> WHAT YOU ARE ASKED TO DO
Repeat every entry exactly as it stands. Omit the images.
### PROVIDED DATA
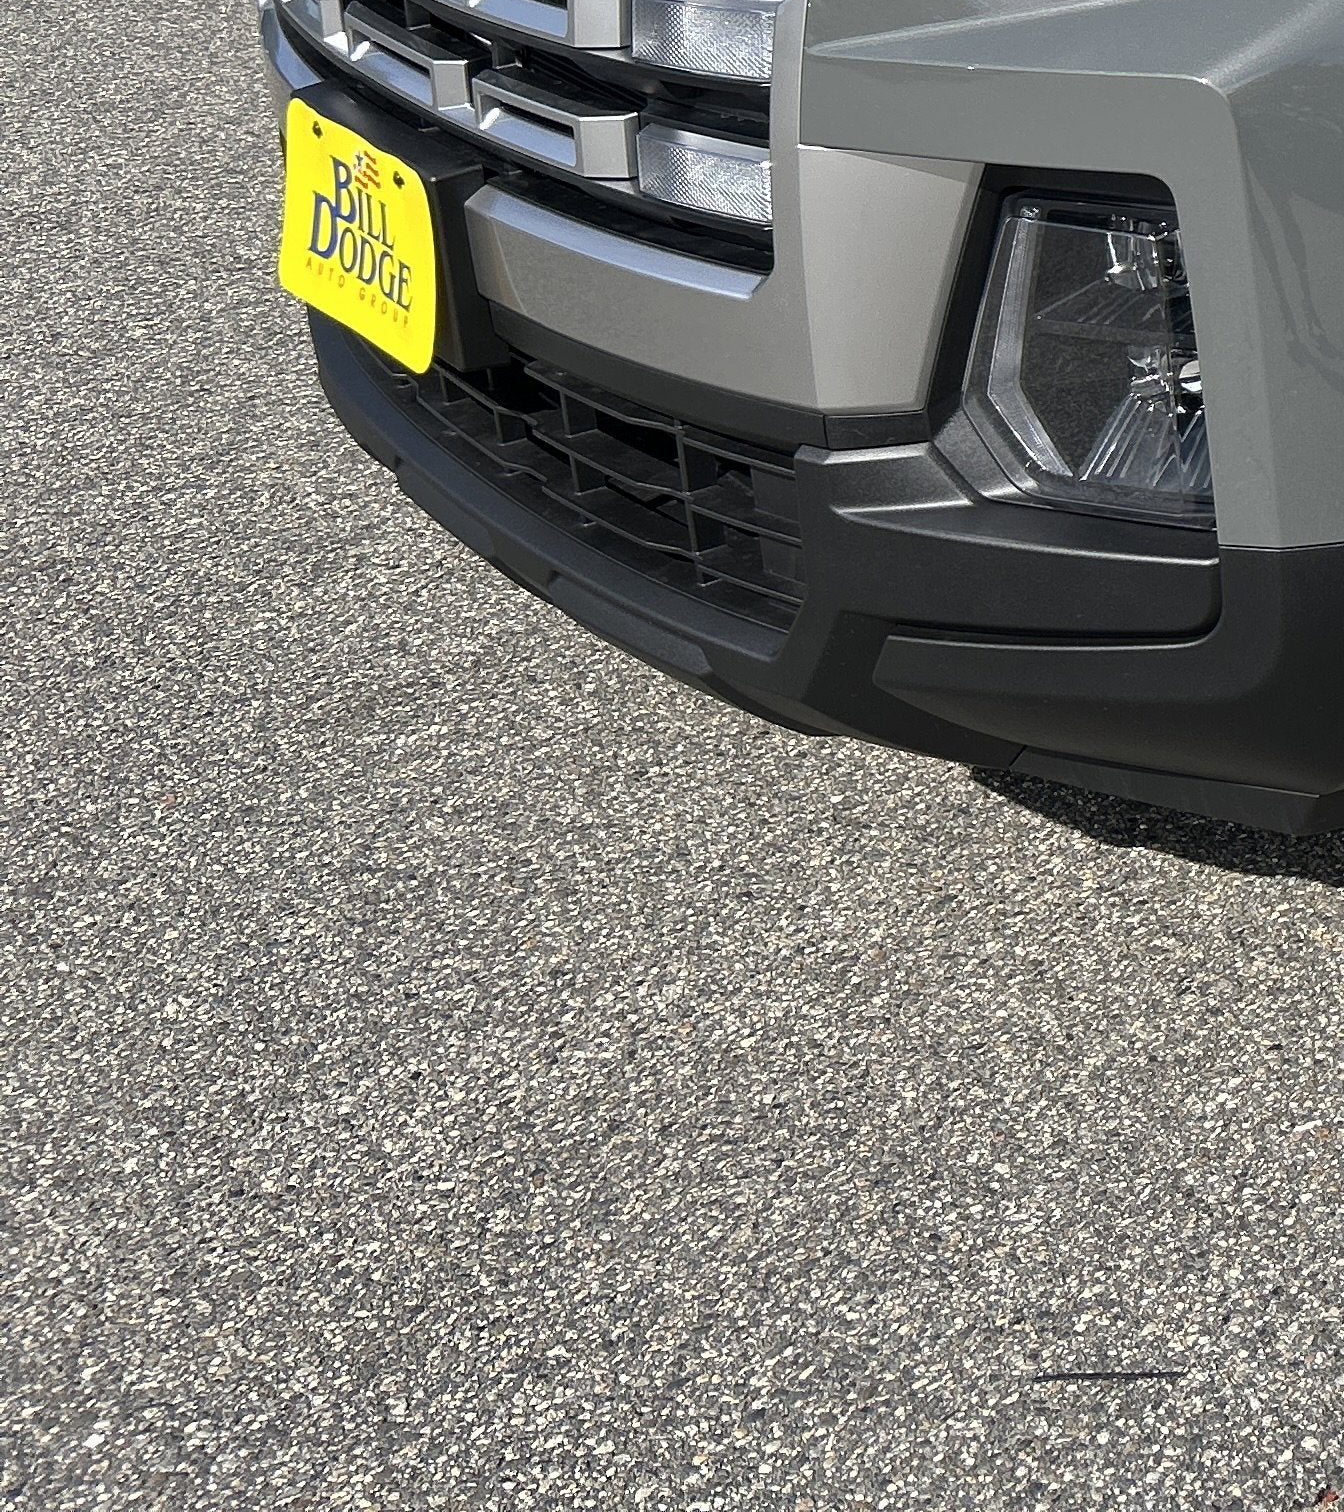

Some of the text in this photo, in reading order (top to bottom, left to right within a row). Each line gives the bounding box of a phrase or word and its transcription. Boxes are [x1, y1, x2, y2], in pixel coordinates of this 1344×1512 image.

[330, 155, 394, 250] BILL
[305, 256, 410, 329] AUTO GROUP
[308, 190, 413, 313] DODGE
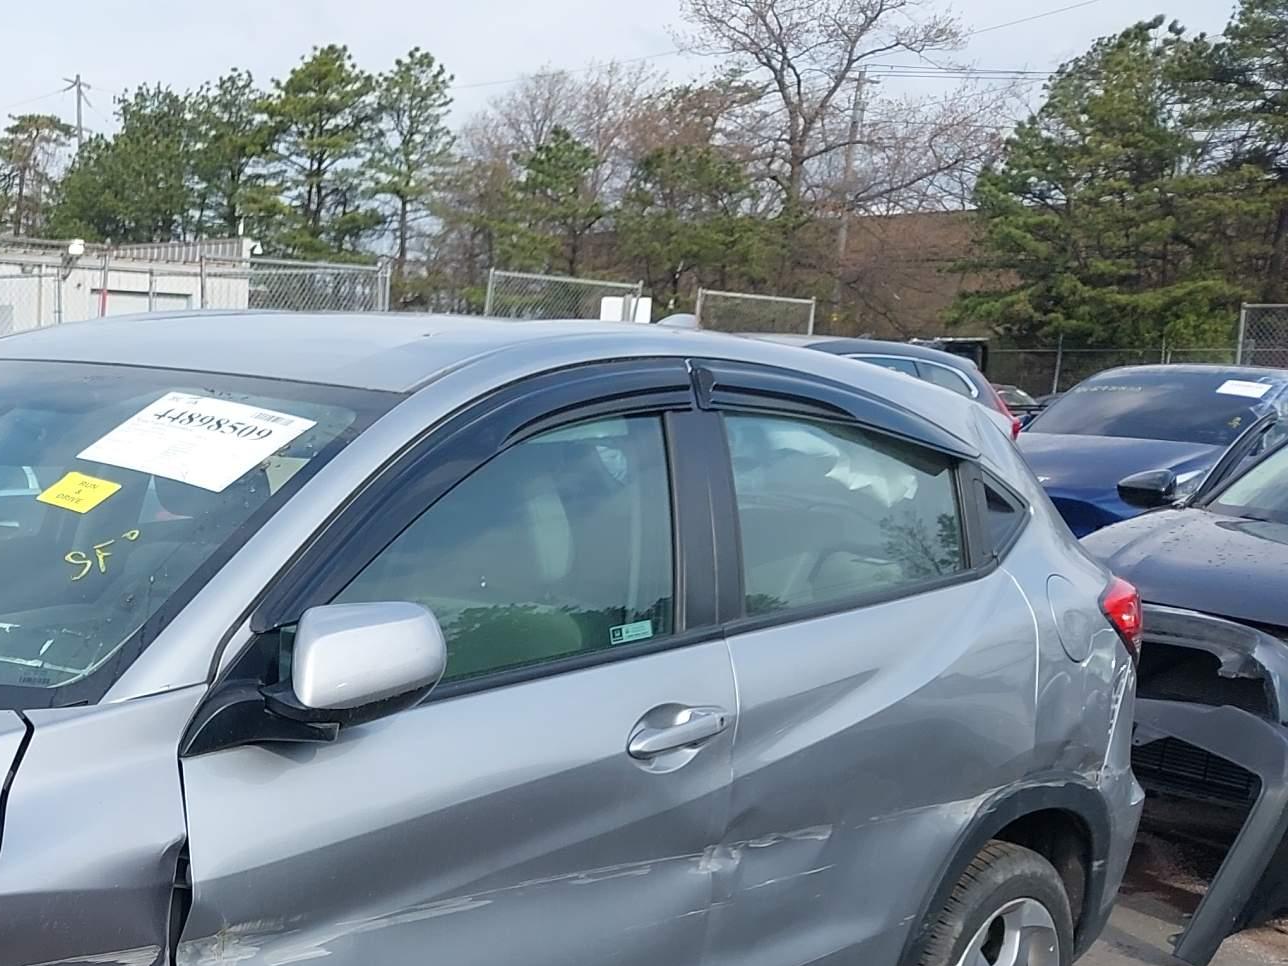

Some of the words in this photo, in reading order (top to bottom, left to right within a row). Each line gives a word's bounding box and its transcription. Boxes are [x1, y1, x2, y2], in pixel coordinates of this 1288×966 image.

[153, 408, 273, 441] 44898509
[78, 480, 99, 489] RUN
[55, 493, 84, 504] DRIVE
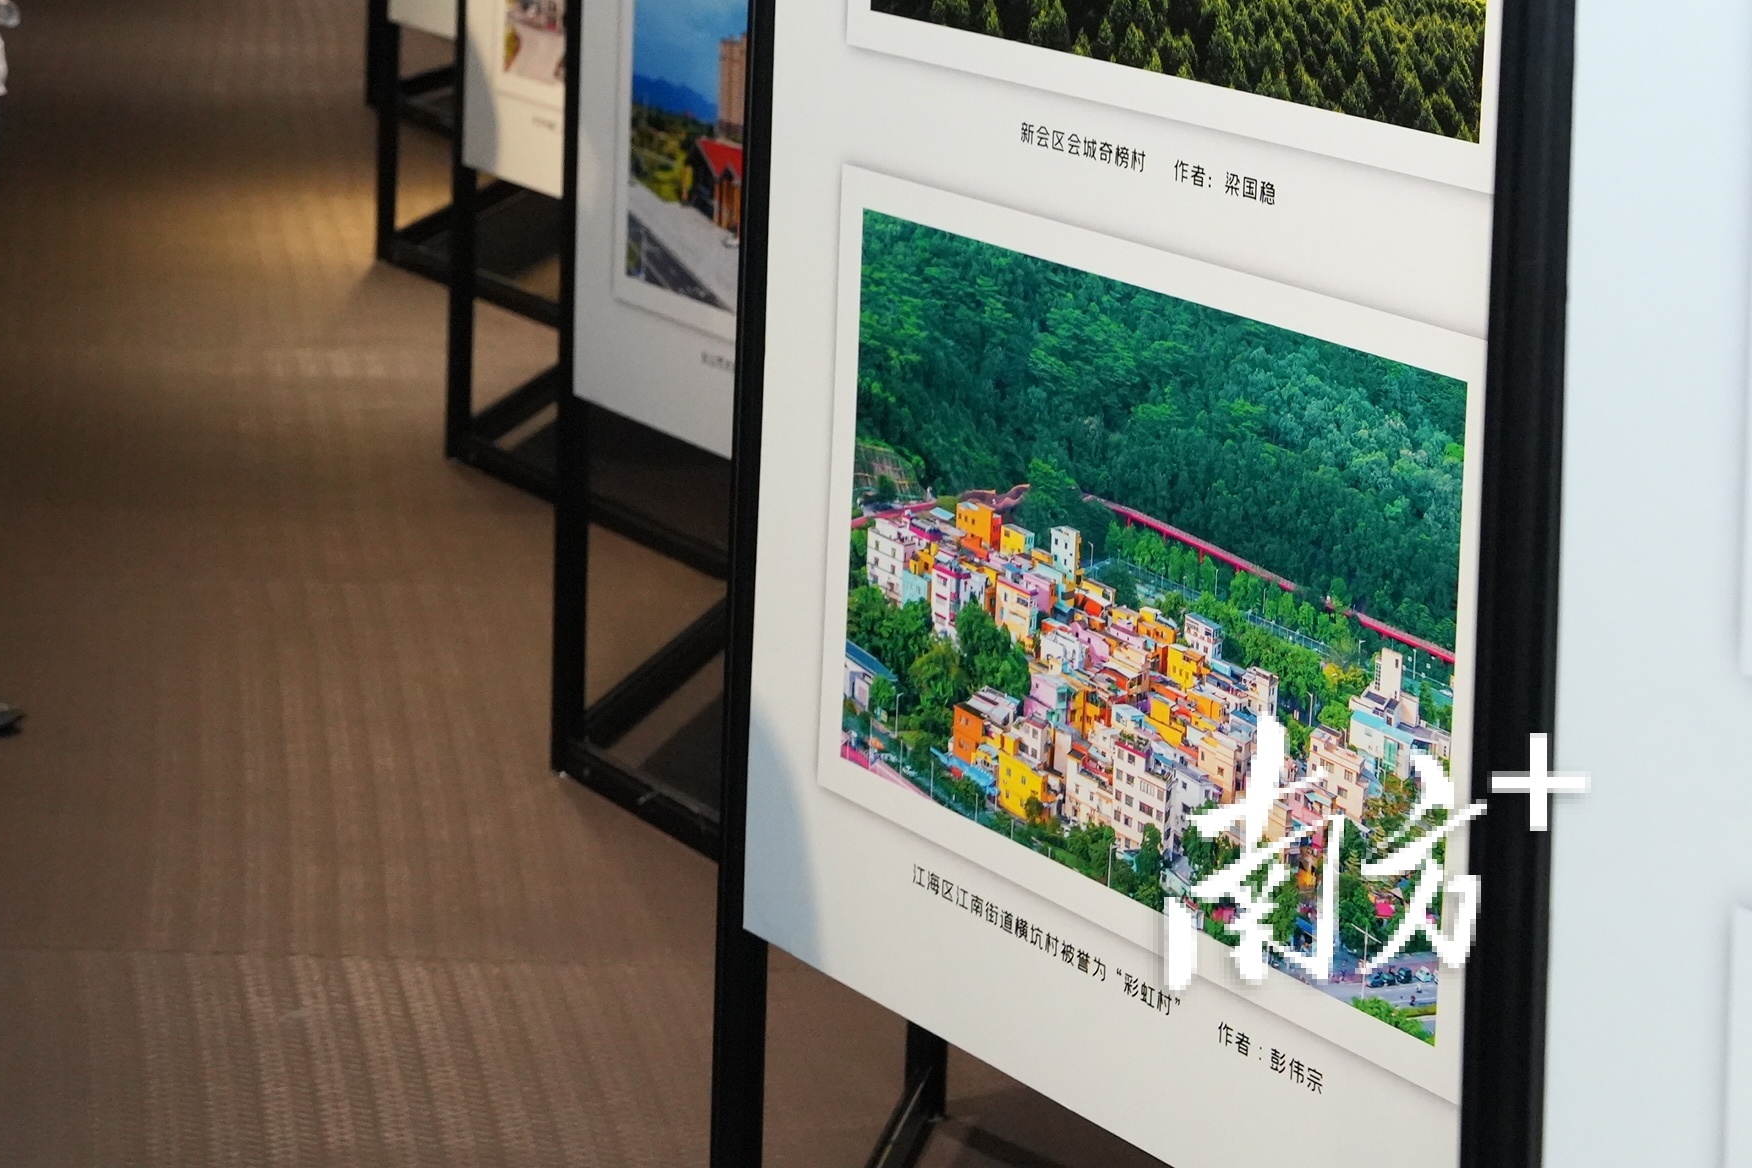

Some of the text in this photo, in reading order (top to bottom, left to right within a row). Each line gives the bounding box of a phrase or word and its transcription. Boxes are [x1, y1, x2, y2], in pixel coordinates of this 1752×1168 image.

[1020, 122, 1146, 173] 新会区会城奇榜村
######
> RESULT FOR THIS EXERCISE
Some of the text in this photo, in reading order (top to bottom, left to right within a row). Each line gives the bounding box of a phrase or word and its transcription. Boxes are [x1, y1, x2, y2], in pixel coordinates of this 1344×1512 image.

[330, 155, 394, 250] BILL
[305, 256, 410, 329] AUTO GROUP
[308, 190, 413, 313] DODGE

Some of the words in this photo, in reading order (top to bottom, left to right within a row). Each line gives a word's bounding box and its transcription. Boxes are [x1, y1, x2, y2], in pixel coordinates of this 1288×966 image.

[153, 408, 273, 441] 44898509
[78, 480, 99, 489] RUN
[55, 493, 84, 504] DRIVE

Some of the text in this photo, in reading order (top to bottom, left to right within a row). Each line gives the bounding box of a phrase or word and its transcription. Boxes are [x1, y1, x2, y2], in pixel coordinates of this 1752×1168 image.

[1020, 122, 1146, 173] 新会区会城奇榜村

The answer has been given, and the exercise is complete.